The same thing happens in more advanced physics. You start to recognize classes of physical situations and types of symmetry. Let me give you a a more advanced example that was a similar lightbulb for me - it's a bit lengthy, and you don't need to understand every step. The important part is the conclusion. Try evaluating this integral:
$\int_{-\infty}^{\infty}e^{ip(x-x_0)/\hbar}e^{-|p|/p_0}dp$
This looks horrible, doesn't it? And yes, if you just charge in and try to integrate it, you'll wind up doing a long series of painful integrations by parts. But there are a bunch of things here that a practiced physics student will recognize that make it easy.
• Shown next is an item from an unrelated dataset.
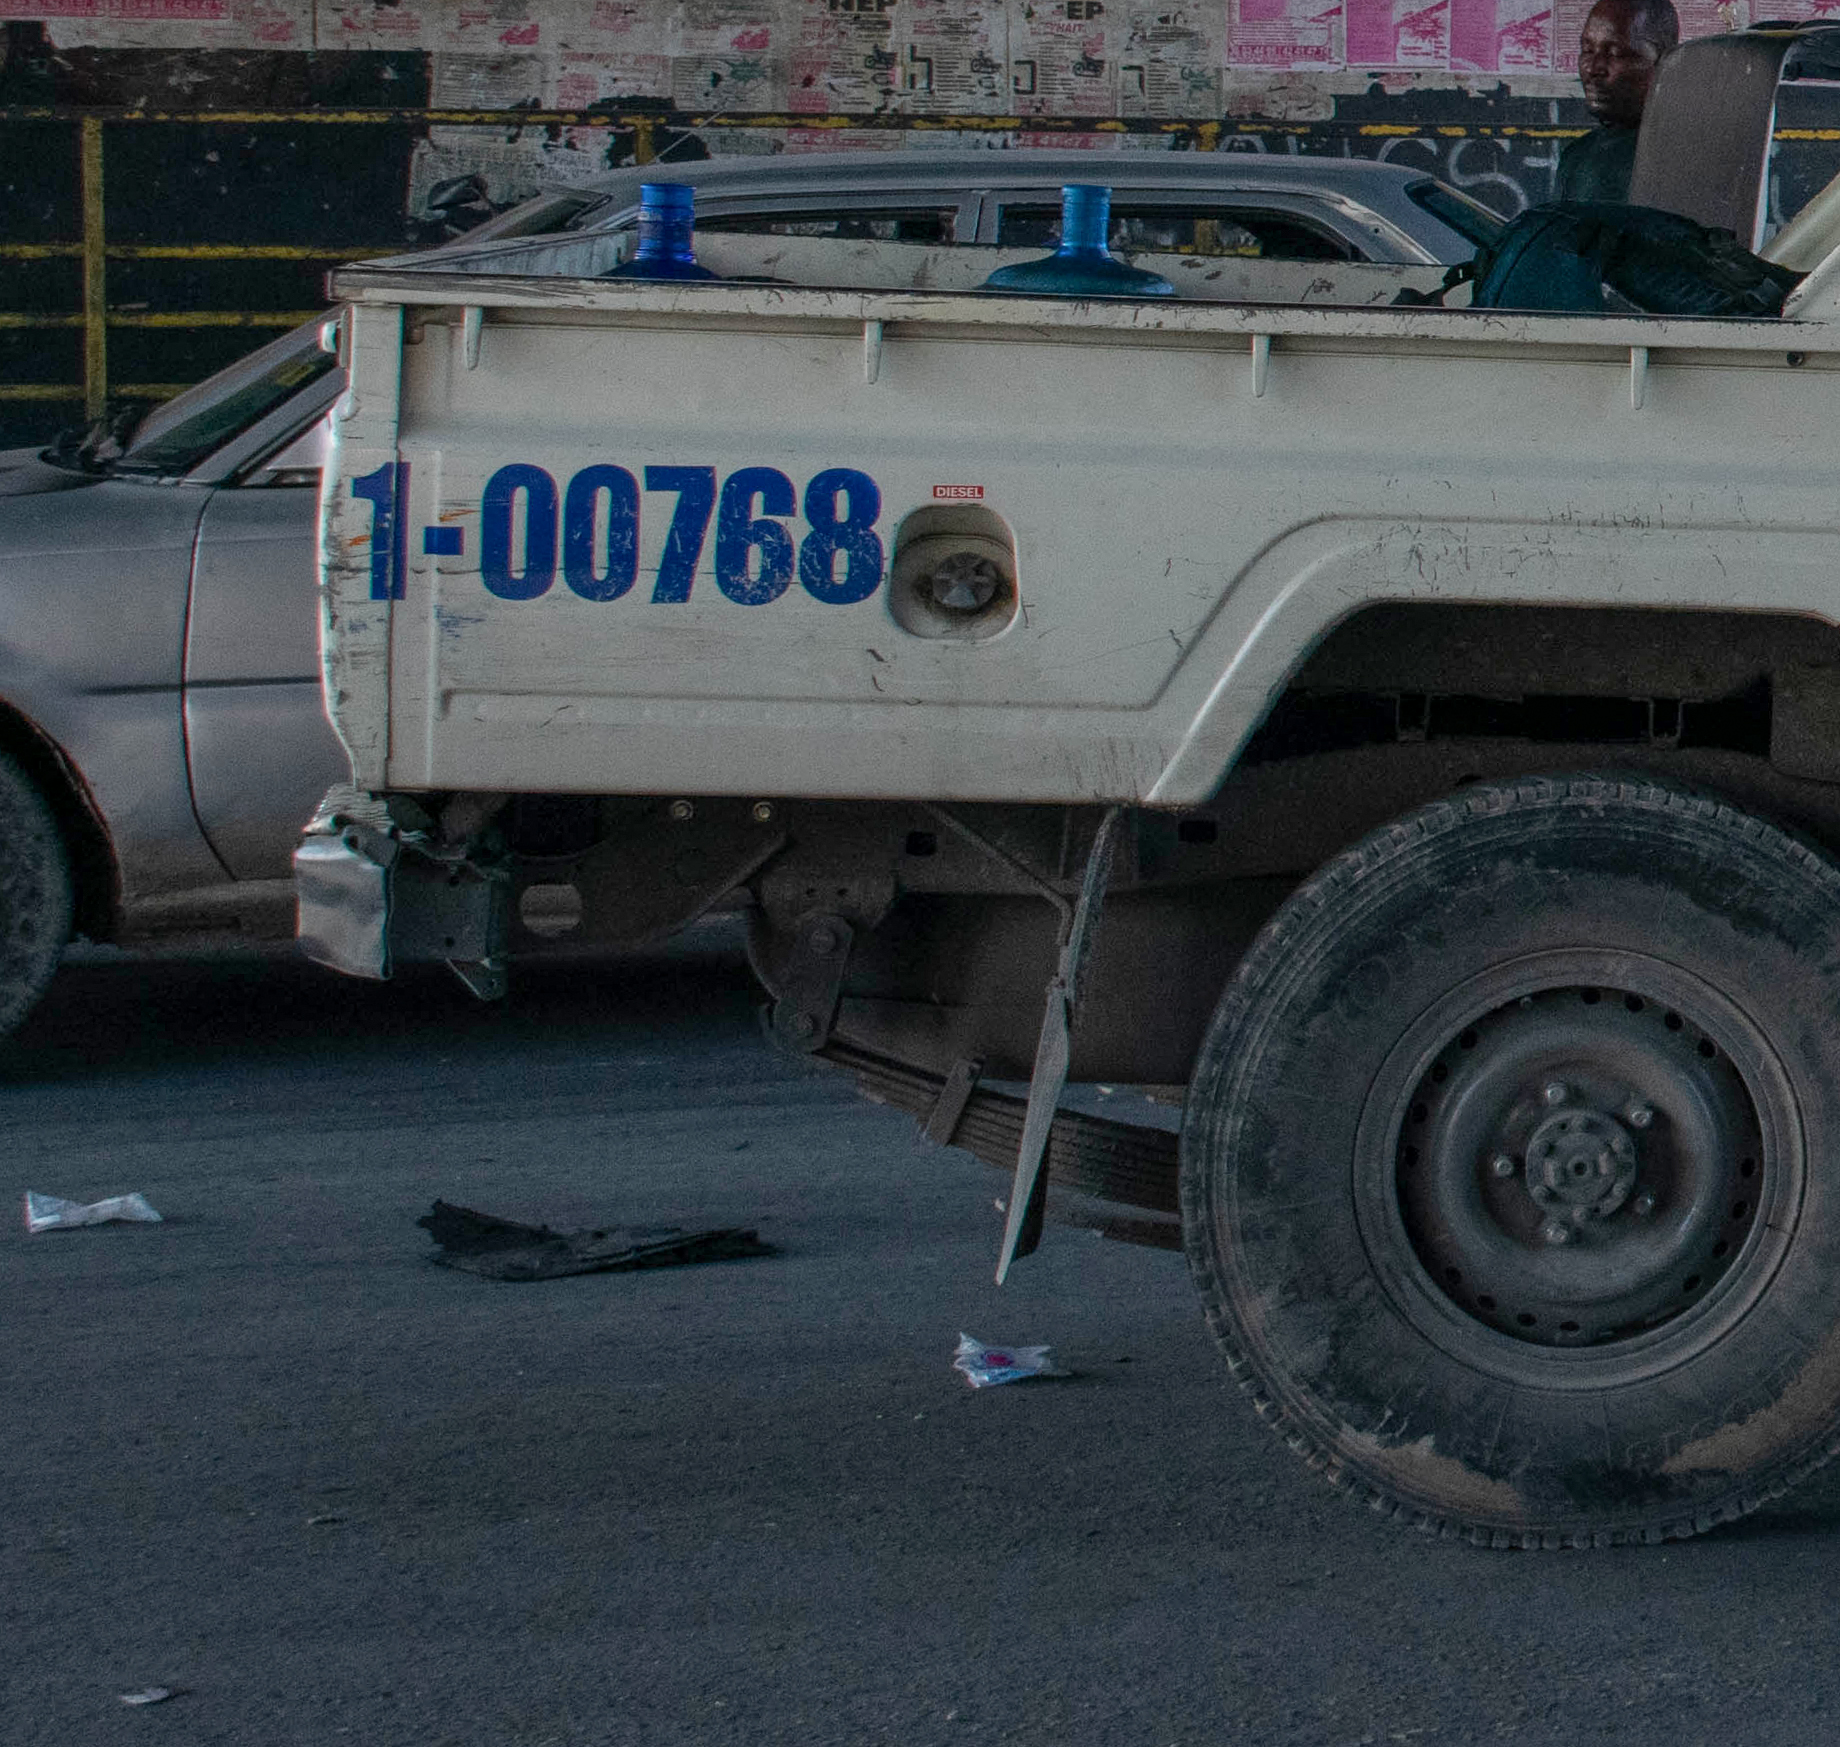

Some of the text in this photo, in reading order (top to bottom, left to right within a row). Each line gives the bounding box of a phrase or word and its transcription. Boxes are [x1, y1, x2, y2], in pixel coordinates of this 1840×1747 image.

[1067, 1, 1104, 20] EP
[935, 485, 983, 499] DIESEL
[352, 462, 883, 605] 1-00768
Since $e^{ip(x-x_0)/\hbar}=\cos(p(x-x_0)/\hbar)+i\sin(p(x-x_0)/\hbar)$ (that's clever trick no. 1), this is actually an integral of a cosine plus a sine, multiplied by a decaying exponential, over $(-\infty,\infty)$. But sine is an odd function, so it evaluates to zero over $(-\infty,\infty)$ (clever trick no. 2)! That means the integral is actually
$\int_{-\infty}^{\infty}\cos(p(x-x_0)/\hbar)e^{-|p|/p_0}dp$ Now, we have an even function inside the integral, so its value over $(-\infty,\infty)$ is twice its value over $(0,\infty)$ (clever trick no. 2, reused). Furthermore, $\cos(p(x-x_0)/\hbar)=Re(e^{ip(x-x_0)/\hbar})$ (going backwards with clever trick no. 1). This makes the integral
$2Re(\int_{0}^{\infty}e^{ip(x-x_0)/\hbar}e^{-p/p_0}dp)$
$2Re(\int_{0}^{\infty}e^{(i(x-x_0)/\hbar - 1/p_0)p}dp)$
$2Re[\frac{1}{i(x-x_0)/\hbar + 1/p_0}]$
$\frac{2p_0}{1+(x-x_0)^2p_0^2/\hbar^2}$ (Maybe clever trick no. 3 if you aren't very used to complex numbers?)
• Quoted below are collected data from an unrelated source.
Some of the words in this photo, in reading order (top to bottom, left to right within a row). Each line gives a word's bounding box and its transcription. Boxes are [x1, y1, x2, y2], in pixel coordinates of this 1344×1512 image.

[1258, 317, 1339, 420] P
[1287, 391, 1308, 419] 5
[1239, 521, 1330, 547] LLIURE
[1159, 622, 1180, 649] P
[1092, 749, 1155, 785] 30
Here's the kicker: If you do it enough, this sort of integral starts coming intuitively and quickly. The even-and-odd tricks become obvious; the conversion back and forth between exponential and trigonometric functions becomes totally natural. An integral like this flies by at the speed of thought, and I don't need to write out all those steps - it just feels sort of obvious at each point. That's just pattern recognition from doing it so many times - or, if you like, "intuition."
If you want to build up your intuition, do many, many problems. As many as you can get your hands on. That's what it takes.